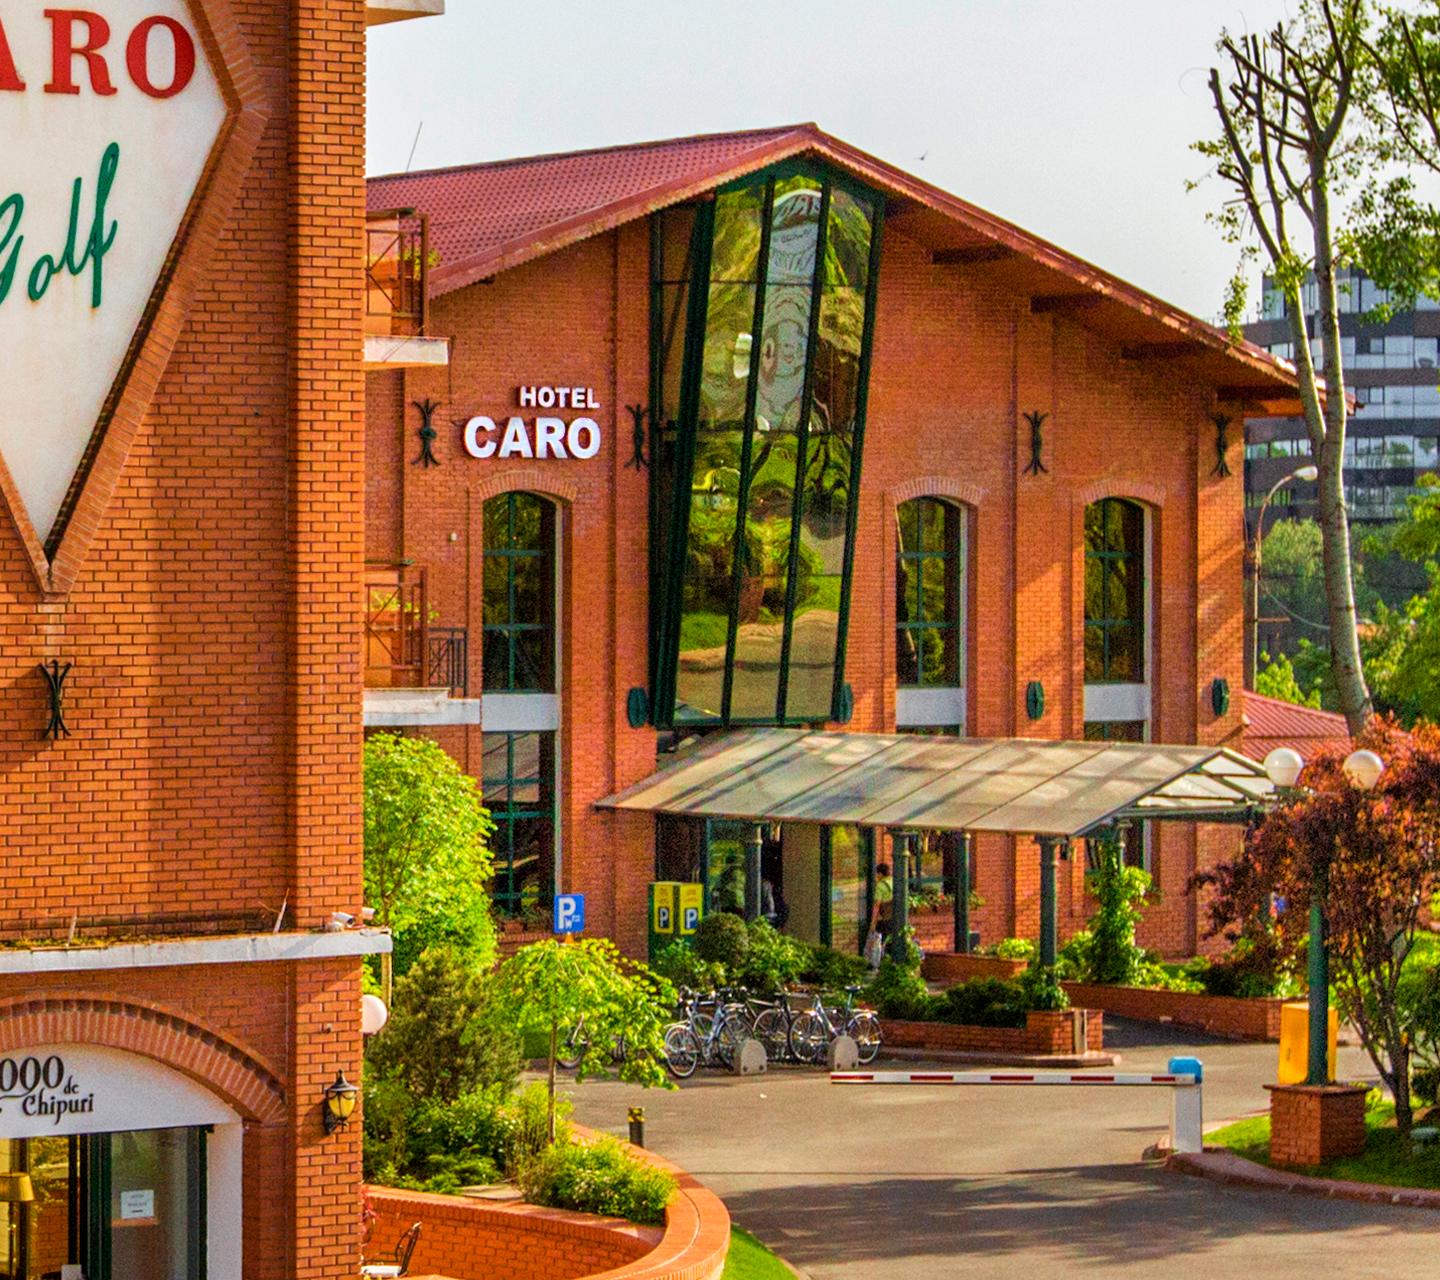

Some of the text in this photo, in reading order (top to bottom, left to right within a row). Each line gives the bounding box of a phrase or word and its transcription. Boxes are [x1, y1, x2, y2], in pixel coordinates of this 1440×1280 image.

[520, 386, 600, 408] HOTEL
[464, 416, 601, 459] CARO
[558, 897, 576, 930] P
[660, 908, 669, 928] P
[686, 909, 697, 929] P
[63, 1075, 80, 1094] de
[22, 1087, 94, 1125] Chipuri
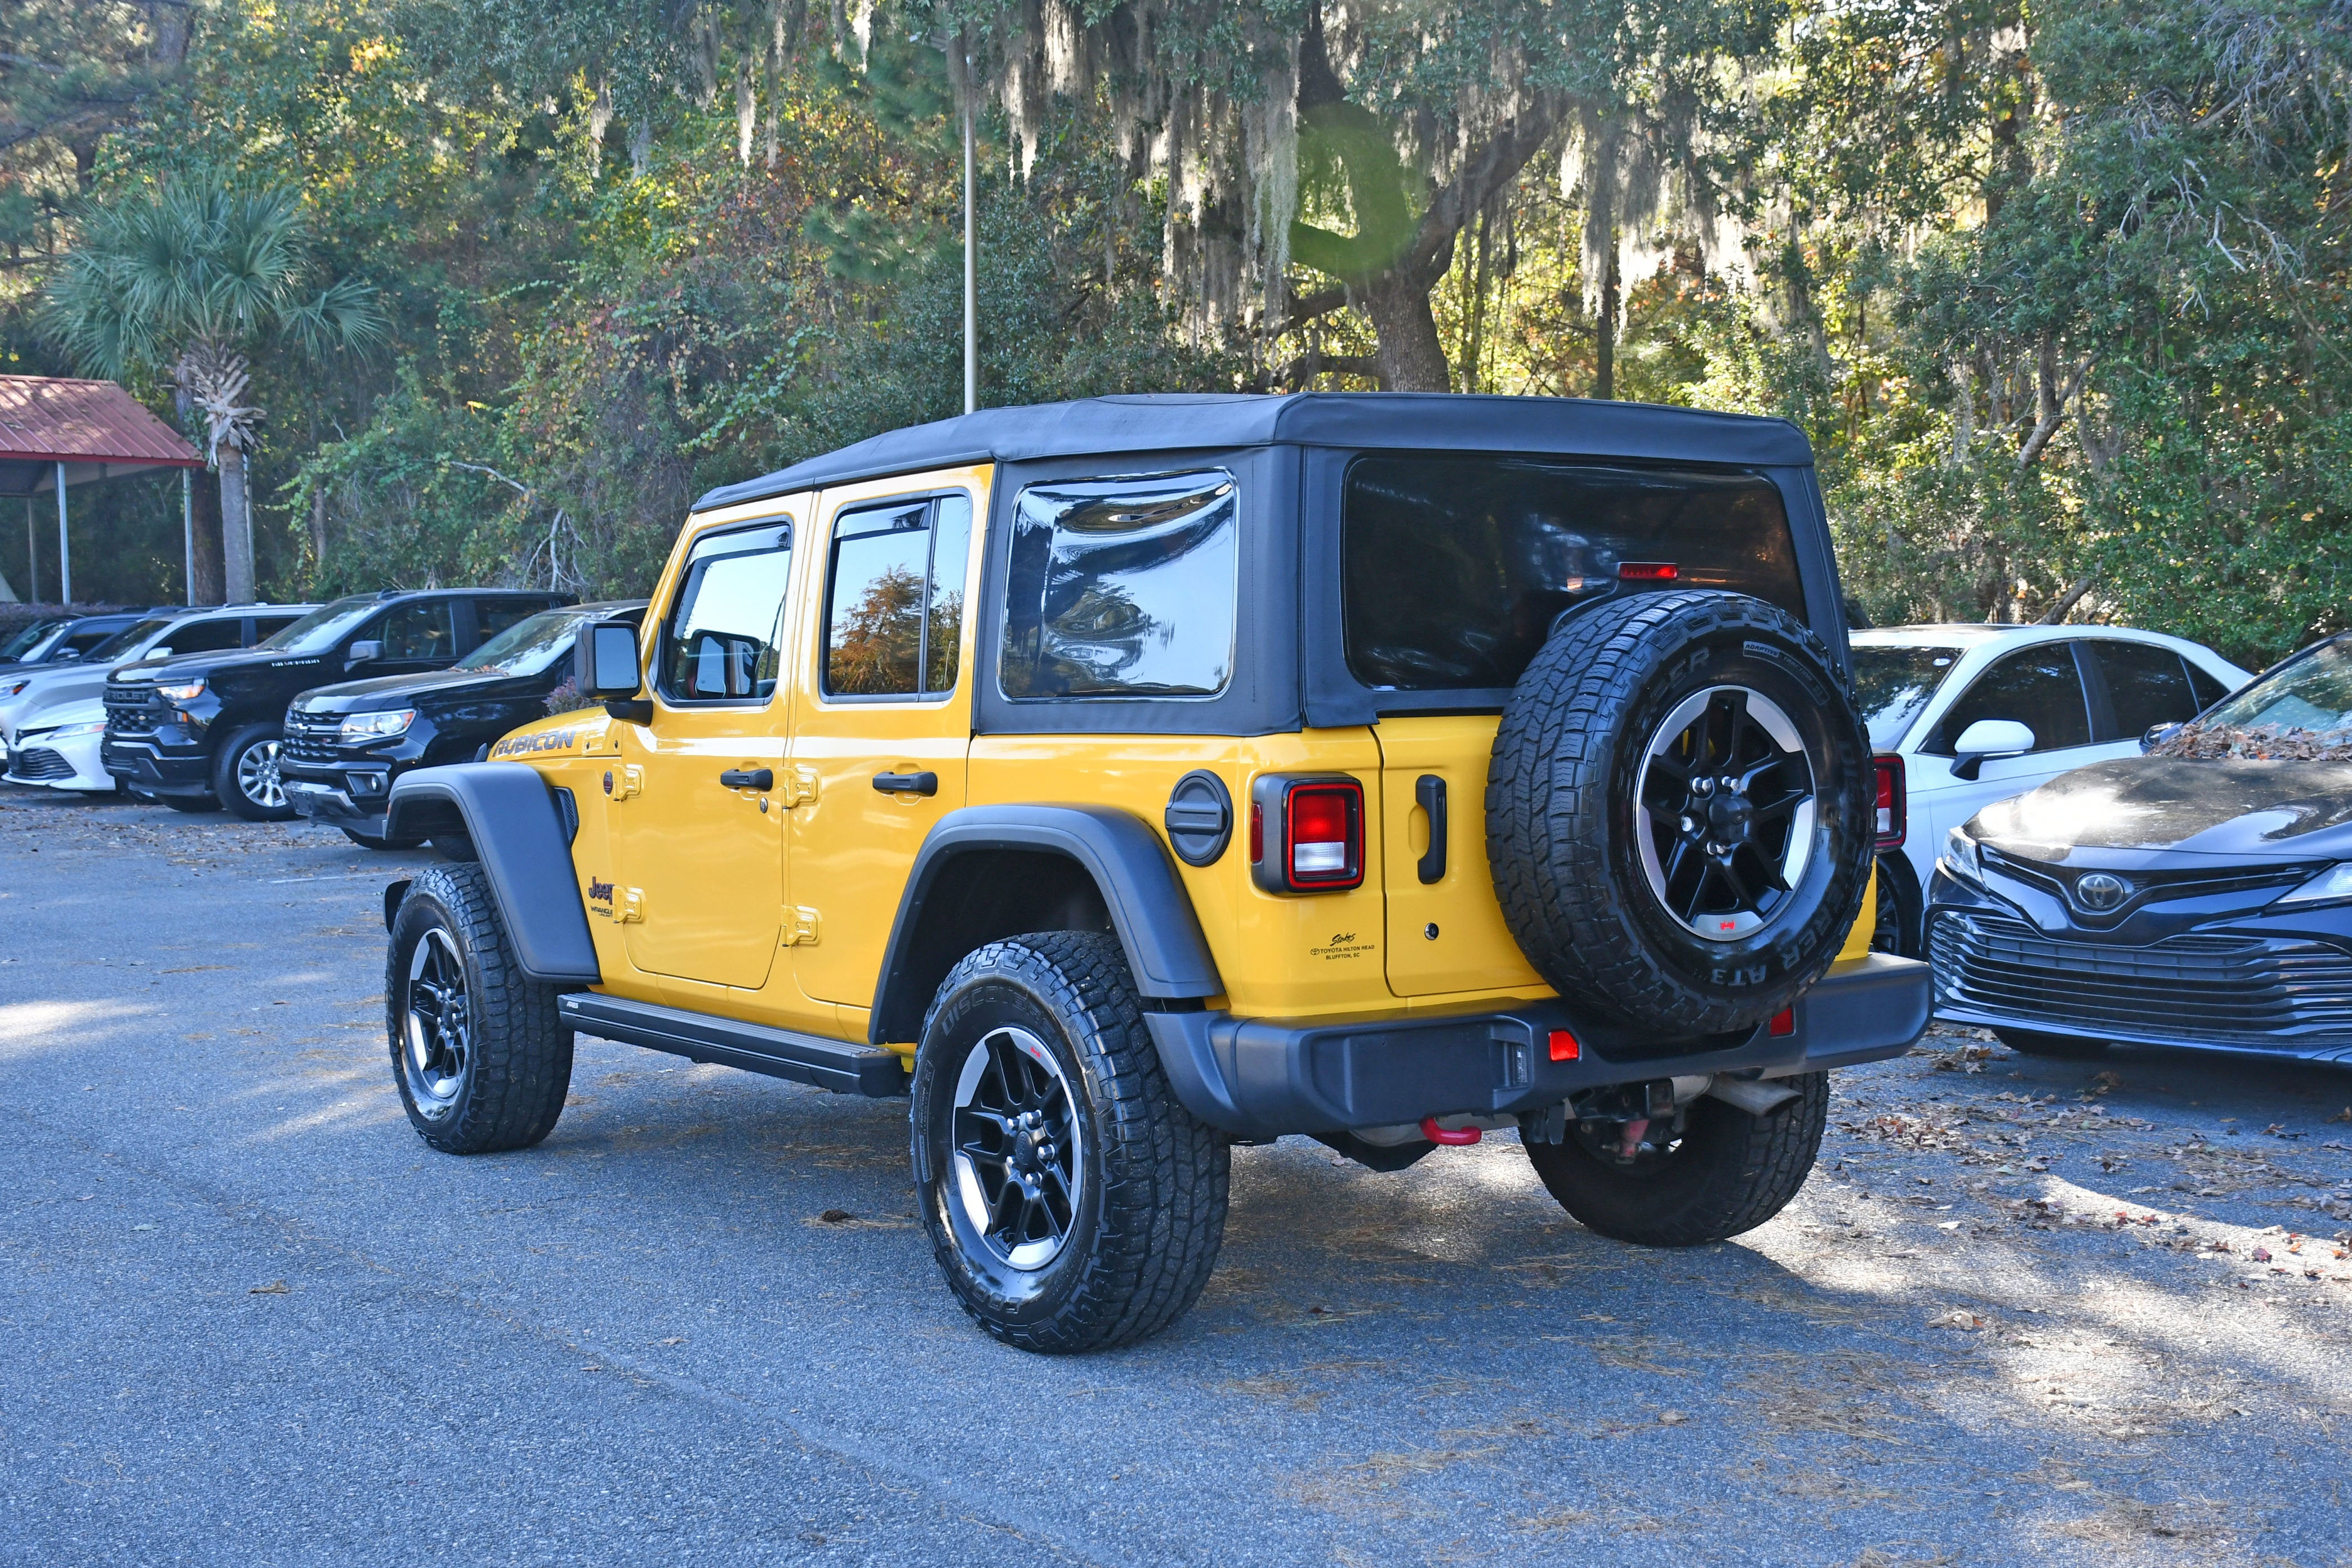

··········

• Task description
In your copy of the records, include no pictures; repeat everything else exactly.

• Output for this exercise
Some of the text in this photo, in reading order (top to bottom, left to right within a row). Each line gives the bounding box of a phrase or word and its transcription. Boxes are [x1, y1, x2, y2], in pixel coordinates of this 1440×1280 image.

[520, 386, 600, 408] HOTEL
[464, 416, 601, 459] CARO
[558, 897, 576, 930] P
[660, 908, 669, 928] P
[686, 909, 697, 929] P
[63, 1075, 80, 1094] de
[22, 1087, 94, 1125] Chipuri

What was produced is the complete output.